バイオメンブレン力プローブ(BFP)は、イン ・ス・ ダイナミック・フォース分光法(DFS)の技術です。BFPは、生細胞上の分子相互作用のばね定数を測定するために使用することができる。このプロトコルは、BFPによって検出された分子結合に対するばね定数分析を提示する。

Abstract

生体膜力プローブ(BFP)は、最近、単一分子結合性キネティクスを測定し、リガンド-受容体相互作用の機械的特性を評価し、タンパク質の動的構造変化を視覚化し、よりエキサイティングに受容体媒介細胞メカノセンシング機構を解明することができる、ネイティブ細胞表面または その場 動的力分光(DFS)ナノツールとして出現しました。最近では、BFPは分子結合のばね定数を測定するために使用されています。このプロトコルは、分子ばね定数DFS分析を実行するためのステップバイステップの手順を説明する。具体的には、2つのBFP動作モード、すなわちビードセルとビードビードモードについて説明します。このプロトコルは、DFS生データから分子結合と細胞のばね定数を導き出することに焦点を当てています。

Introduction

ライブセルDFS技術として、BFPはヒト赤血球(RBC;)図1)0.1-3pN/nm1、2、3で互換性のあるばね定数範囲を持つ超高感度で調整可能な力トランスデューサーに。リガンドと受容体の相互作用をプローブするために、BFPは、約1pN(10-12 N)、〜3nm(10-9 m)、および〜0.5 ms(10-3 s)の力、空間、および時間分解能4、5でDFS測定を可能にする。その実験的構成は、2つの対向するマイクロピペット、すなわちプローブとターゲットで構成されています。プローブマイクロピペットはRBCを吸引し、ビーズはビオチンとストレプトアビジンの相互作用を介して頂点に接着されます。ビーズは、目的のリガンドでコーティングされている(図1A)。標的マイクロピペットは、対象の受容体を担う細胞またはビーズのいずれかを吸引し、ビーズ細胞(図1B)およびビーズビーズ(図1C)モードにそれぞれ対応し、それぞれ5。
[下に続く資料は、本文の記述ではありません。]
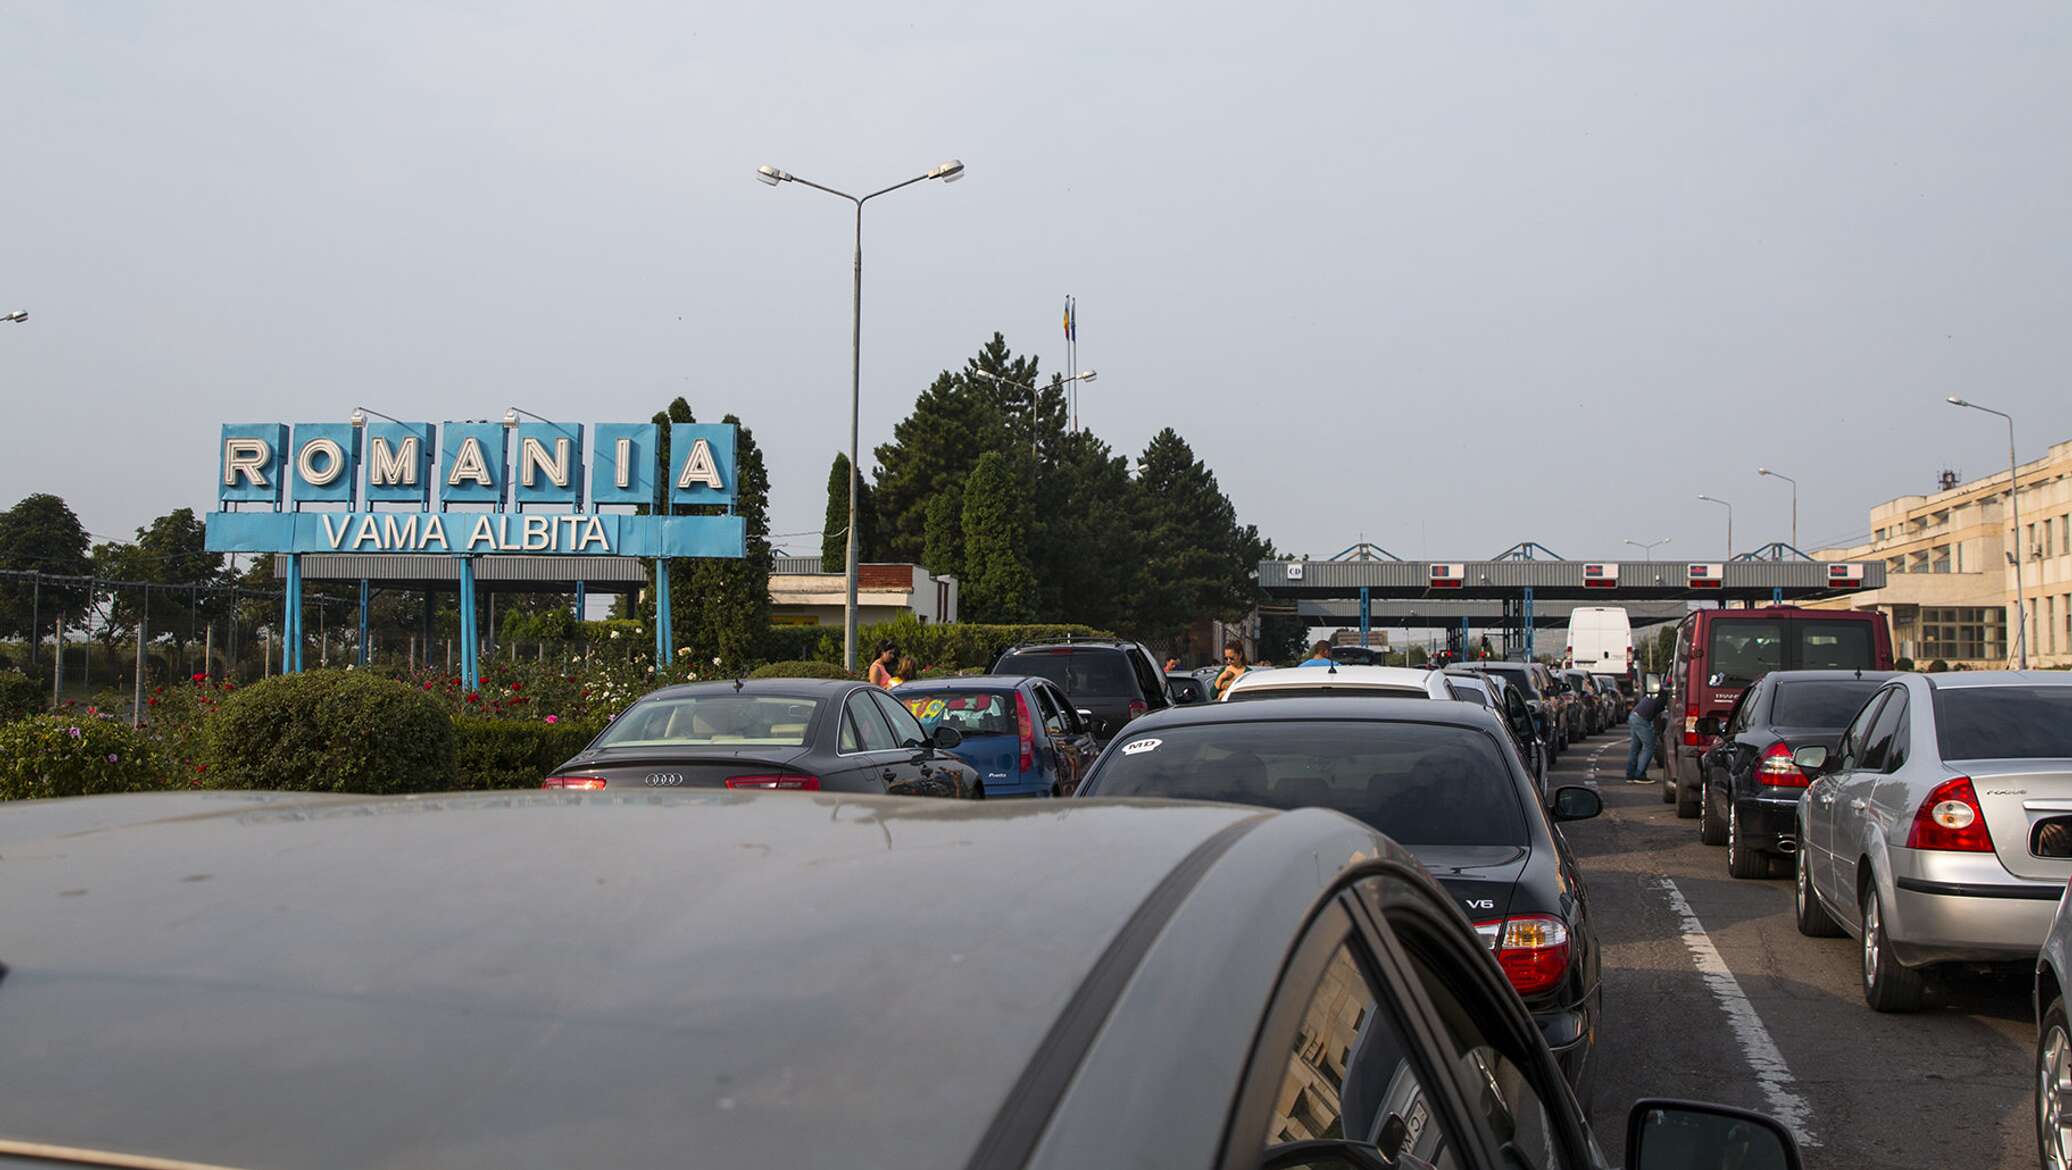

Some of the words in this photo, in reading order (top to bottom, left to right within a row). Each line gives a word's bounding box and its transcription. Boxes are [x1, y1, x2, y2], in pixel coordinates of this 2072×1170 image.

BFP の構築、アセンブリ、DFS 実験プロトコルについては、前に1,6を詳しく説明しました。簡単に言えば、BFPタッチサイクルは、アプローチ、インピンジ、接触、後退および解化の5つの段階で構成されています(図1D)。水平 RBC 頂点位置は ΔxRBCと示されます。冒頭で、無ストレス(ゼロフォース)RBC変形ΔxRBCは0(表1)である。ターゲットは、ピエゾトランスレータによって駆動され、プローブビードを押さえ、引き込まれるようにします(図1D)。RBCプローブは、まず負のRBC変形ΔxRBC<0でターゲットによって圧縮されます。ボンドイベントでは、リトラクトステージは、正のRBC変形ΔxRBC>0(図2CおよびD)を有する圧縮相から引張り相に移行する。フックの法則によれば、BFP軸受力は、F = kRBC×Δ xRBCとして測定することができ、k RBC(表1)はBFPのRBCばね定数である。ボンド破裂と1回のタッチサイクルの完了時に、プローブビーズはΔxRBC = 0(図1D)でゼロフォース位置に戻ります。

kRBCを決定するために、プローブマイクロピペット内オリフィス(R p)、RBC(R0)、およびRBCとプローブビーズの間の円形接触領域(Rc)の半径を測定し、記録する(図1A)。いで、KRBCは、BFP(図S1A)8,9を操作する仮想計測器(VI)として機能するLabVIEWプログラムを用いて、Evanのモデル(Eq. 1)7,8に従って計算される。

Equation 1 (Eq. 1)

BFPが確立され、DFS生データが得られたことで、リガンドとレセプターの対または細胞のばね定数を分析する方法を紹介します。グリコシル化タンパク質Thy-1とK562細胞を持つインテグリンの相互作用に関するDFS生データα 5 β 1 (thy-1-α5β1;図3Aび3B)10及びフィブリノーゲン及びビーズ αのそのIIb β 3(FGN-α IIb β 3; 図3C)11,12は、ビーズセルおよびビードビーズ分析モードをそれぞれ実証するために使用されています。

BFP実験準備
BFP実験の準備と計測の詳細については、前に公開したプロトコル3を参照してください。簡単に言えば、ヒトRBCは、炭素/重炭酸塩緩衝液中のビオチン-PEG3500-NHSを用いてビオチン化されている。目的のタンパク質は、リン酸緩衝液中のMAL-PEG3500-NHSを用いてホウケイ酸ガラスビーズに共有結合されている。ビオチン化RBCに付着するために、プローブビーズはまた、MAL-SAを使用してストレプトアビジン(SA)でコーティングされています。 資料表表2を参照してください。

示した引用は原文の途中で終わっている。